Configuring an inbound connector in the Office 365 (O365) tenant domain is required to restrict message delivery from Mailprotector's servers and prevent spammers from using a direct connection to the O365 host address, bypassing Mailprotector scanning.
IMPORTANT: The inbound connector will reject mail flow that does not come from Mailprotector after it is turned on.
If the MX records for your domain already point to Mailprotector, it is safe to turn on the inbound connector. If the MX record still points directly to Office 365 or another host, do not turn this connector on until Mailprotector is scanning email. The connector will not accept messages from the Internet when turned on.

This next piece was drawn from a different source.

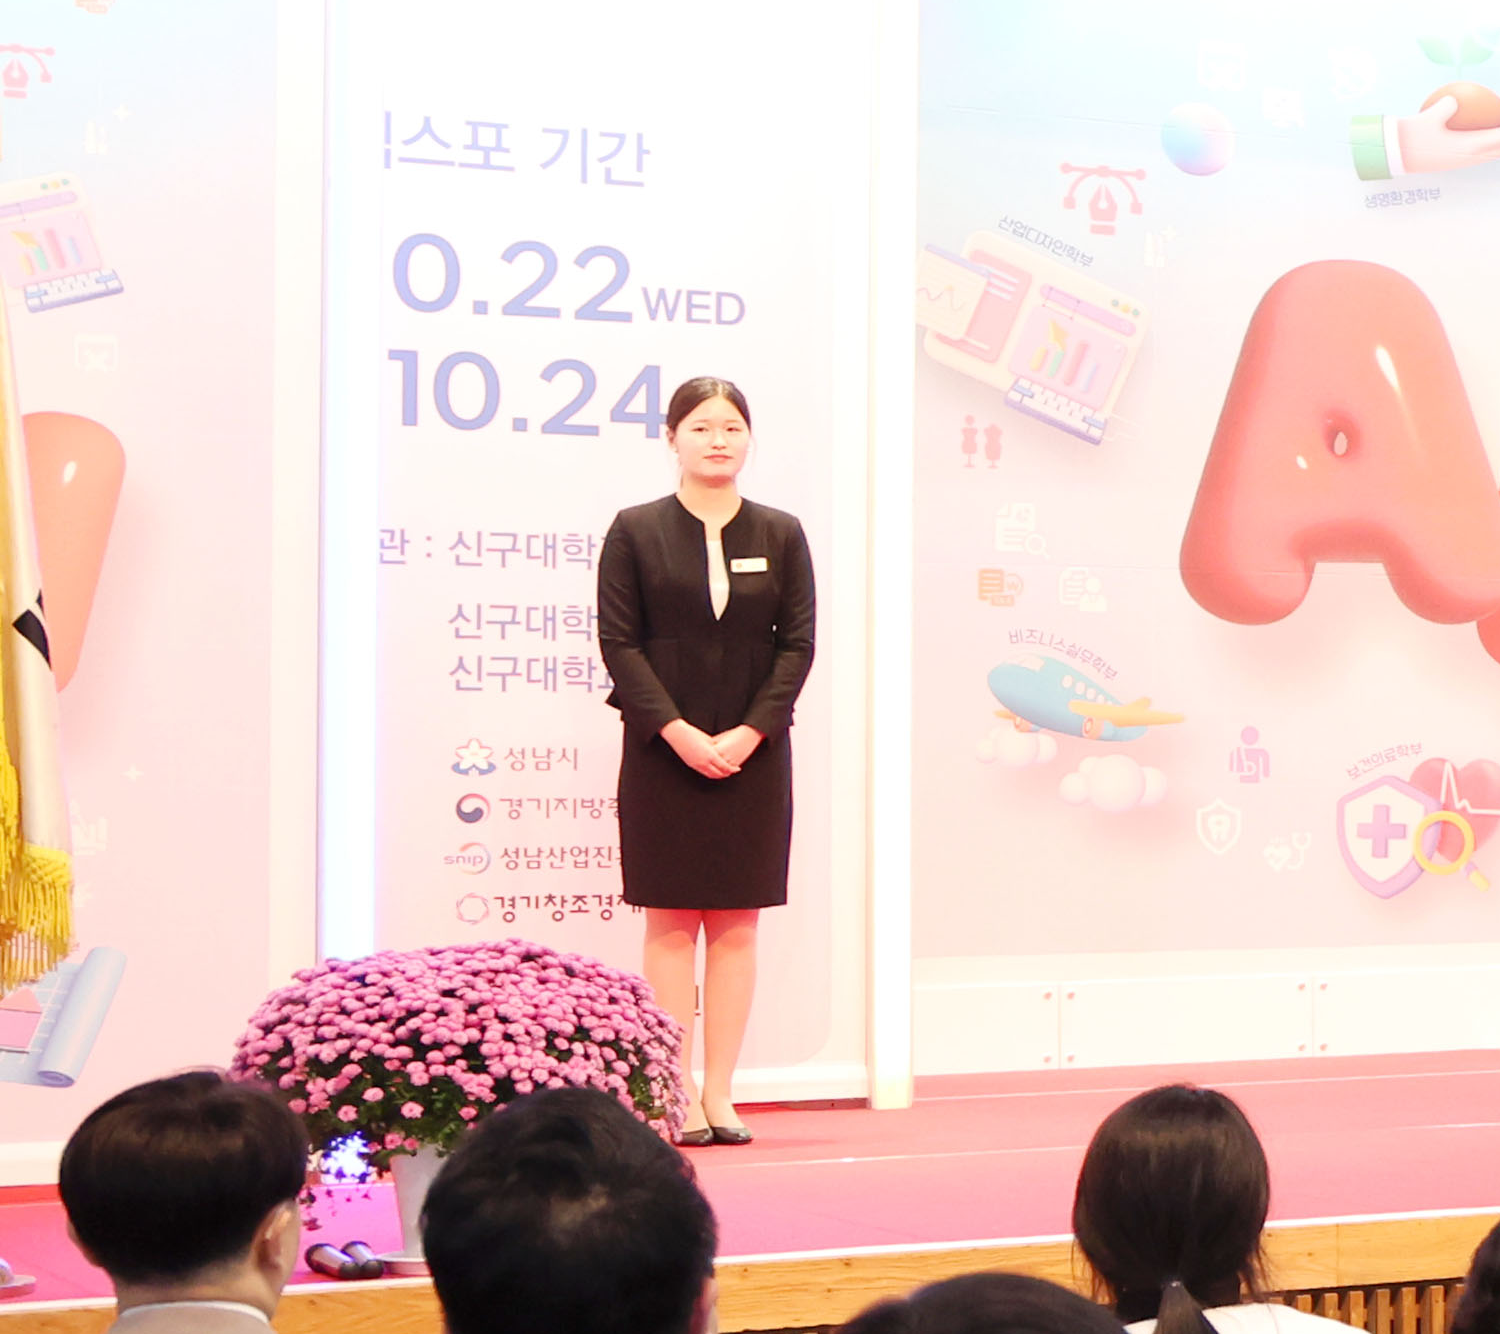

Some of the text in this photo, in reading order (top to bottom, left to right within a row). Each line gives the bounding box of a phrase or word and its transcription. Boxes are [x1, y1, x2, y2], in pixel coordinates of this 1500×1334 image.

Configuration steps for an outbound connector are in the Office 365 - Outbound Connector article.
Office 365, O365, Exchange Online, Exchange Online Protection
NOTE: The following steps apply to the Exchange Admin Center's new interface. If your interface doesn't match what is shown below, toggle "Try the new Exchange admin center" in the top right corner of the page.
Inbound Connector Configuration
- Open the Office 365 Admin Center and navigate to the Exchange Admin center, as shown in Figure 1. This link will open a new tab in your browser with the Exchange Admin Center.
- Find and click the 'connectors' link under the mail flow options, as shown in Figure 2. The link takes you to the connectors for the domain.
- You may have other connectors already listed. Click on 'Add a connector' to add a new connector. A new window will open to select your mail flow scenario. Select 'Partner organization' for 'From:' and 'Office 365' for 'To:' as shown in Figure 3. Then click the 'Next' button to continue.
- Enter a name for the connector, for example, Inbound-Mailprotector and add a description if you would like. As shown in Figure 4, uncheck the box to the left of 'Turn it on' to prevent an interruption of mail flow if the domain's MX record is not pointing at Mailprotector yet. Then click the 'Next' button to continue.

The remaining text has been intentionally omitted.